> _Prompt_
Type out the entries again, keeping every word unchanged.

(Records from a collection)
····················
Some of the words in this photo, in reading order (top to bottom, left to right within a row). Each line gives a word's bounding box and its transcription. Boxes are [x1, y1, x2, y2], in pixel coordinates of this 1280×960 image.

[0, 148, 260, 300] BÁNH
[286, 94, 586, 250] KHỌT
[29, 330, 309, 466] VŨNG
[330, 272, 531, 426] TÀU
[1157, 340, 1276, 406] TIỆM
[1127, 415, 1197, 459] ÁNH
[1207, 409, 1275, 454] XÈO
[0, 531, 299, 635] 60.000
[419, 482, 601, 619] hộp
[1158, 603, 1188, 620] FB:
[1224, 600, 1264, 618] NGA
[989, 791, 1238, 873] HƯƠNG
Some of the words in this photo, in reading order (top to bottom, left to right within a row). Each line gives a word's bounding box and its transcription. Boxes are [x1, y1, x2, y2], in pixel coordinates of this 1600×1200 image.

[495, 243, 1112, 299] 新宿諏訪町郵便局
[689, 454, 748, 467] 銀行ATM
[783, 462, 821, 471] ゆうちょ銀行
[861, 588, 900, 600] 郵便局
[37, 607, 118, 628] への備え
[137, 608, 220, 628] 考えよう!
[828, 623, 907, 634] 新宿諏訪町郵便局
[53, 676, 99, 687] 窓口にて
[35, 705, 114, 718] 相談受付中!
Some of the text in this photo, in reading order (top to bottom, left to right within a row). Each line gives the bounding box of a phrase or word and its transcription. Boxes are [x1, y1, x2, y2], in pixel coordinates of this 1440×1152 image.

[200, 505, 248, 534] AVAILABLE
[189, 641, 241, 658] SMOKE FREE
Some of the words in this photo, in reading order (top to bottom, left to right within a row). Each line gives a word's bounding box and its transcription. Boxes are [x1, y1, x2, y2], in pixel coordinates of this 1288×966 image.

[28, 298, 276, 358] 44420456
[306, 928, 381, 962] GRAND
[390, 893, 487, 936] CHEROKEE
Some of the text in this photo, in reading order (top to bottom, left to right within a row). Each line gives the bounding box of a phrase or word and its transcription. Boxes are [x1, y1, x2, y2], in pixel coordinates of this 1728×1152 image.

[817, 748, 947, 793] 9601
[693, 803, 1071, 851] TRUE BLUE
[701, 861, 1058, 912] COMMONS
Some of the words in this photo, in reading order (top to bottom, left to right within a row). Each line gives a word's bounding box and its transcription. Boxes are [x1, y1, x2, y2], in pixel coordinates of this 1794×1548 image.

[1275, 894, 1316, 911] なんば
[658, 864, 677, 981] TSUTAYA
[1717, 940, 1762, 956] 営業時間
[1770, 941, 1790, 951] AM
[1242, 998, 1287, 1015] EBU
····················
> _Result for this exercise_
Some of the words in this photo, in reading order (top to bottom, left to right within a row). Each line gives a word's bounding box and its transcription. Boxes are [x1, y1, x2, y2], in pixel coordinates of this 1280×960 image.

[0, 148, 260, 300] BÁNH
[286, 94, 586, 250] KHỌT
[29, 330, 309, 466] VŨNG
[330, 272, 531, 426] TÀU
[1157, 340, 1276, 406] TIỆM
[1127, 415, 1197, 459] ÁNH
[1207, 409, 1275, 454] XÈO
[0, 531, 299, 635] 60.000
[419, 482, 601, 619] hộp
[1158, 603, 1188, 620] FB:
[1224, 600, 1264, 618] NGA
[989, 791, 1238, 873] HƯƠNG
Some of the words in this photo, in reading order (top to bottom, left to right within a row). Each line gives a word's bounding box and its transcription. Boxes are [x1, y1, x2, y2], in pixel coordinates of this 1600×1200 image.

[495, 243, 1112, 299] 新宿諏訪町郵便局
[689, 454, 748, 467] 銀行ATM
[783, 462, 821, 471] ゆうちょ銀行
[861, 588, 900, 600] 郵便局
[37, 607, 118, 628] への備え
[137, 608, 220, 628] 考えよう!
[828, 623, 907, 634] 新宿諏訪町郵便局
[53, 676, 99, 687] 窓口にて
[35, 705, 114, 718] 相談受付中!
Some of the text in this photo, in reading order (top to bottom, left to right within a row). Each line gives the bounding box of a phrase or word and its transcription. Boxes are [x1, y1, x2, y2], in pixel coordinates of this 1440×1152 image.

[200, 505, 248, 534] AVAILABLE
[189, 641, 241, 658] SMOKE FREE
Some of the words in this photo, in reading order (top to bottom, left to right within a row). Each line gives a word's bounding box and its transcription. Boxes are [x1, y1, x2, y2], in pixel coordinates of this 1288×966 image.

[28, 298, 276, 358] 44420456
[306, 928, 381, 962] GRAND
[390, 893, 487, 936] CHEROKEE
Some of the text in this photo, in reading order (top to bottom, left to right within a row). Each line gives the bounding box of a phrase or word and its transcription. Boxes are [x1, y1, x2, y2], in pixel coordinates of this 1728×1152 image.

[817, 748, 947, 793] 9601
[693, 803, 1071, 851] TRUE BLUE
[701, 861, 1058, 912] COMMONS
Some of the words in this photo, in reading order (top to bottom, left to right within a row). Each line gives a word's bounding box and its transcription. Boxes are [x1, y1, x2, y2], in pixel coordinates of this 1794×1548 image.

[1275, 894, 1316, 911] なんば
[658, 864, 677, 981] TSUTAYA
[1717, 940, 1762, 956] 営業時間
[1770, 941, 1790, 951] AM
[1242, 998, 1287, 1015] EBU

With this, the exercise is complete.